Cette escarmouche parachevée, se retira Gargantua avec ses gens, excepté le moine, et sur la pointe du jour se rendirent à Grandgousier, lequel en son lit priait Dieu pour leur salut et victoire, et les voyant tous saufs et entiers, les embrassa de bon amour, et demanda nouvelles du moine. Mais Gargantua lui répondit que sans doute leurs ennemis avaient le moine : « Ils auront, dit Grandgousier, donc male encontre[1], » ce qu’avait été bien vrai. Pourtant[2] encore est le proverbe en usage de bailler le moine à quelqu’un.

Adonc commanda qu’on apprêtât très bien à déjeuner pour les rafraîchir. Le tout apprêté, l’on appela Gargantua ; mais tant lui grevait[3] de ce que le moine ne comparait[4] aucunement qu’il ne voulait ni boire ni manger. Tout soudain le moine arrive, et, dès la porte de la basse-cour, s’écria : « Vin frais, vin frais, Gymnaste, mon ami ! » Gymnaste sortit, et vit que c’était frère Jean qui amenait cinq pèlerins et Touquedillon prisonnier. Dont Gargantua sortit au devant, et lui firent le meilleur recueil[5] que purent, et le menèrent devant Grandgousier, lequel l’interrogea de toute son aventure. Le moine lui disait tout, et comment on l’avait pris, et comment il s’était défait des archers, et la boucherie qu’il avait fait par le chemin, et comment il avait recouvert[6] les pèlerins et amené le capitaine Touquedillon.

Puis se mirent à banqueter joyeusement tous ensemble. Cependant Grandgousier interrogeait les pèlerins de quel pays ils étaient, dont ils venaient, et où ils allaient. Lasdaller pour tous répondit : « Seigneur, je suis de Saint-Genou en Berry, cetui-ci est de Paluau, cetui-ci d’Onzay, cetui-ci est d’Argy, et cetui-ci est de Villebrenin. Nous venons de Saint-Sébastien près de Nantes, et nous en retournons par nos petites journées.

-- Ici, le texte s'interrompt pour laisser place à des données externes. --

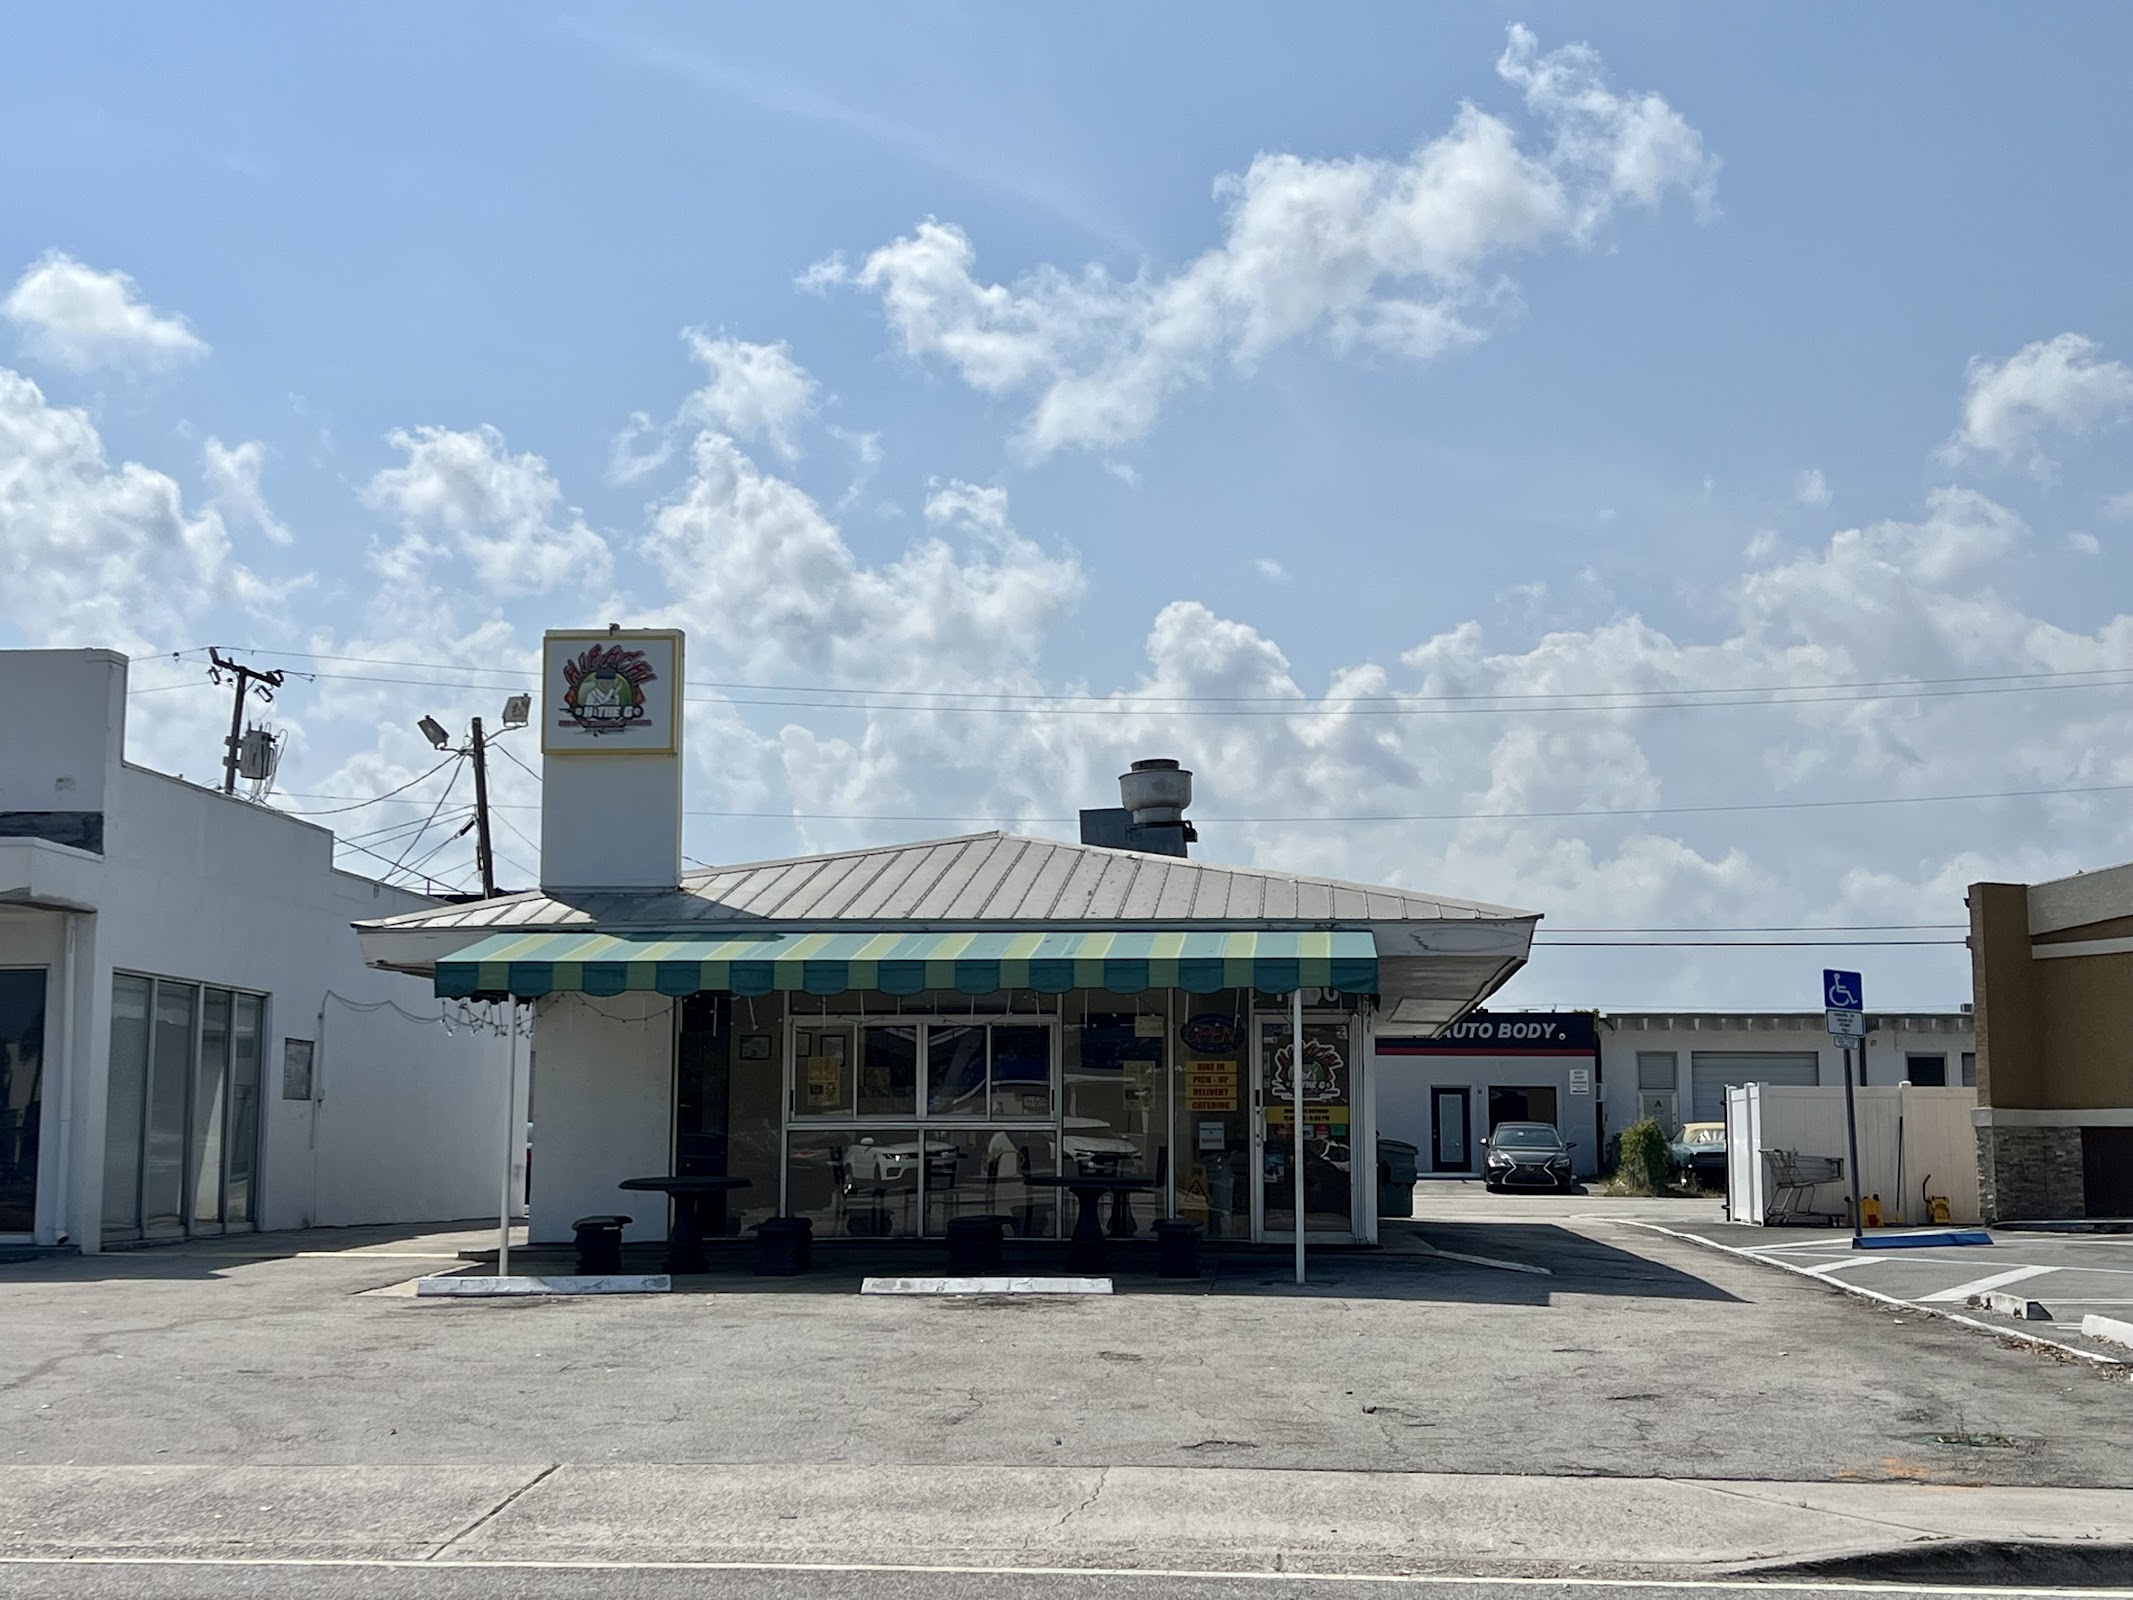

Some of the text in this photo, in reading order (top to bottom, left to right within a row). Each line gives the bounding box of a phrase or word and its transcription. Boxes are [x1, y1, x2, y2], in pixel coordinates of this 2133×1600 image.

[597, 706, 621, 718] THE
[623, 706, 643, 718] GO
[1185, 1024, 1235, 1043] OPEN
[1193, 1089, 1229, 1097] DELIVERY
[1192, 1102, 1230, 1110] CATERING

— Voire, mais, dit Grandgousier, qu’alliez-vous faire à Saint-Sébastien ?

— Nous allions, dit Lasdaller, lui offrir nos votes[7] contre la peste.

— Ô ! dit Grandgousier, pauvres gens, estimez-vous que la peste vienne de saint Sébastien ?

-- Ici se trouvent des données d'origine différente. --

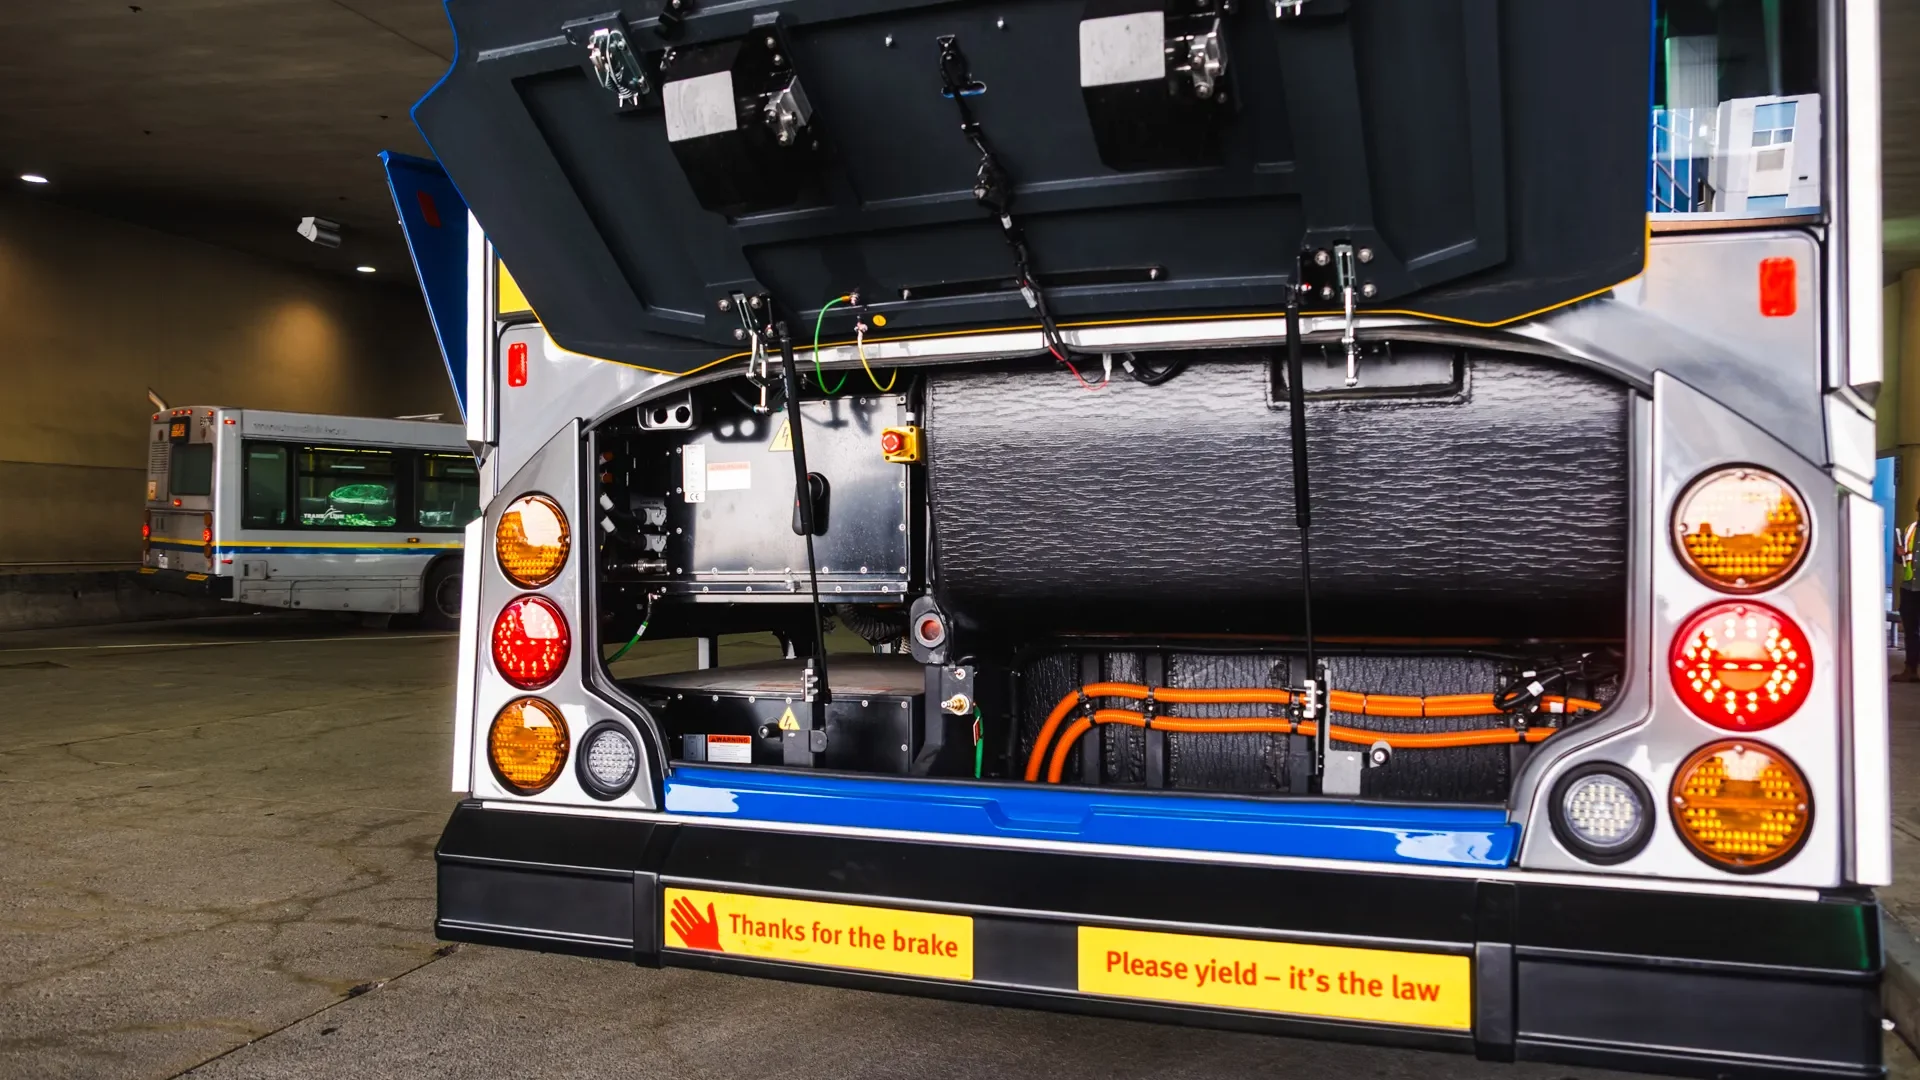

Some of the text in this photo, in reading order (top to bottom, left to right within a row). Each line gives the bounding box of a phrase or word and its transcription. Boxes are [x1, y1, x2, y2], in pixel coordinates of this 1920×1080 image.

[728, 913, 958, 958] Thanks for the brake
[1106, 950, 1188, 980] Please
[1194, 958, 1257, 988] yield
[1338, 970, 1383, 998] the
[1392, 974, 1440, 1002] law

— Oui vraiment, dit Lasdaller, nos prêcheurs nous l’affirment.

— Oui ? dit Grandgousier, les faux prophètes vous annoncent-ils tels abus ? Blasphèment-ils en cette façon les justes et saints de Dieu qu’ils les font semblables aux diables, qui ne font que mal entre les humains, comme Homère écrit que la peste fut mise en l’ost[8] des Grégeois par Apollo, et comme les poètes feignent un grand tas de Véjoves[9] et dieux malfaisants ? Ainsi prêchait à Sinais un cafard que saint Antoine mettait le feu ès jambes, saint Eutrope faisait les hydropiques, saint Gildas les fols, saint Genou les gouttes. Mais je le punis en tel exemple, quoiqu’il m’appelât hérétique, que depuis ce temps cafard quiconque n’est osé entrer en mes terres, et m’ébahis si votre roi les laisse prêcher par son royaume tels scandales, car plus sont à punir que ceux qui, par art magique ou autre engin[10], auraient mis la peste par le pays. La peste ne tue que le corps, mais tels imposteurs empoisonnent les âmes. »

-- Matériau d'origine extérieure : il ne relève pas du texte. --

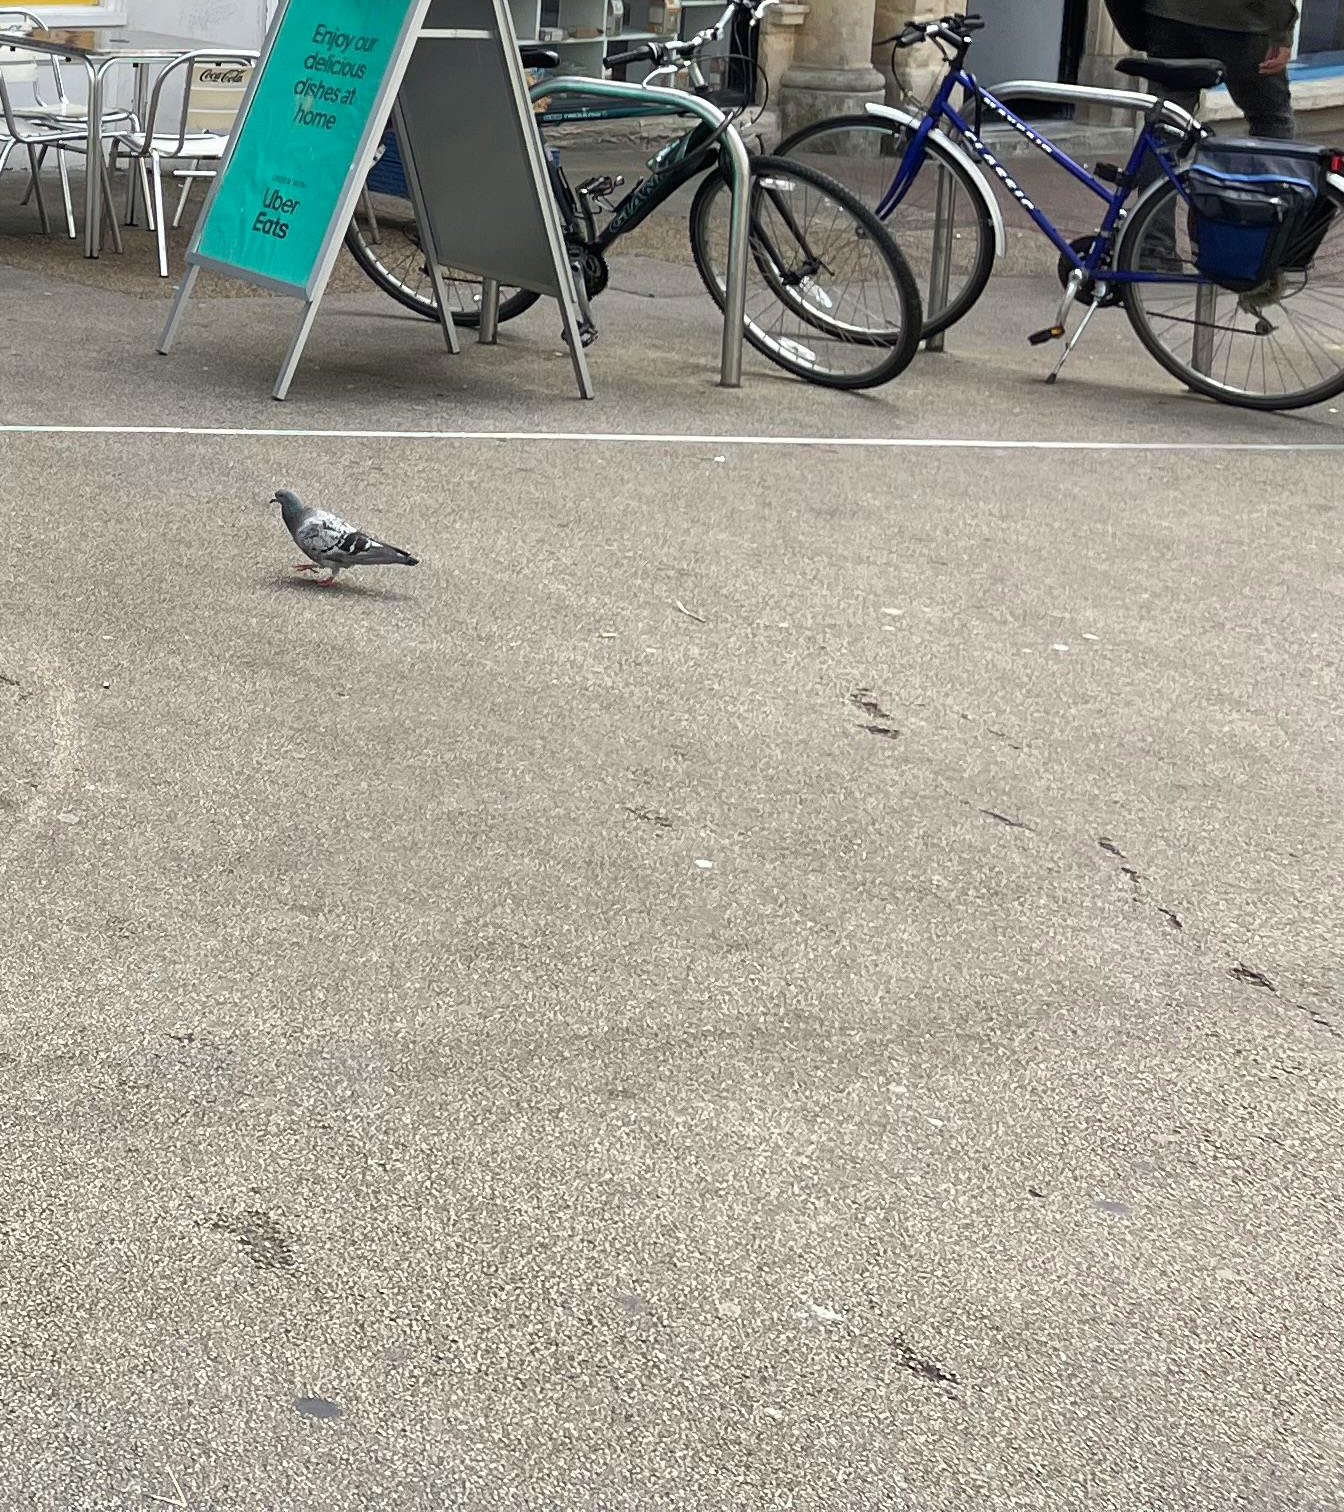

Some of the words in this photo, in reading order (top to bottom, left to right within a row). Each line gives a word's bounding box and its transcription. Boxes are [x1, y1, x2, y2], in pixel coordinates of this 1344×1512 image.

[312, 23, 353, 53] Enjoy
[354, 36, 379, 53] our
[303, 52, 368, 80] delicious
[293, 77, 339, 104] dishes
[339, 87, 357, 106] at
[293, 104, 337, 131] home
[262, 186, 301, 216] Uber
[251, 211, 290, 240] Eats

Lui disant ces paroles, entra le moine tout délibéré, et leur demanda : « Dont êtes-vous, vous autres pauvres hères ?

— De Saint-Genou, dirent-ils.

— Et comment, dit le moine, se porte l’abbé Tranchelion, le bon buveur ? Et les moines, quelle chère font-ils ? Le corps Dieu ! ils biscotent vos femmes, cependant qu’êtes en romivage[11].

— Hin hen ! dit Lasdaller, je n’ai pas peur de la mienne, car qui la verra de jour ne se rompra jà le col pour l’aller visiter la nuit.

— C’est, dit le moine, bien rentré de piques. Elle pourrait être aussi laide que Proserpine, elle aura, par Dieu, la saccade, puisqu’il y a moines autour, car un bon ouvrier met indifférentement toutes pièces en œuvre. Que j’aie la vérole en cas que ne les trouviez engrossées à votre retour, car seulement l’ombre du clocher d’une abbaye est féconde.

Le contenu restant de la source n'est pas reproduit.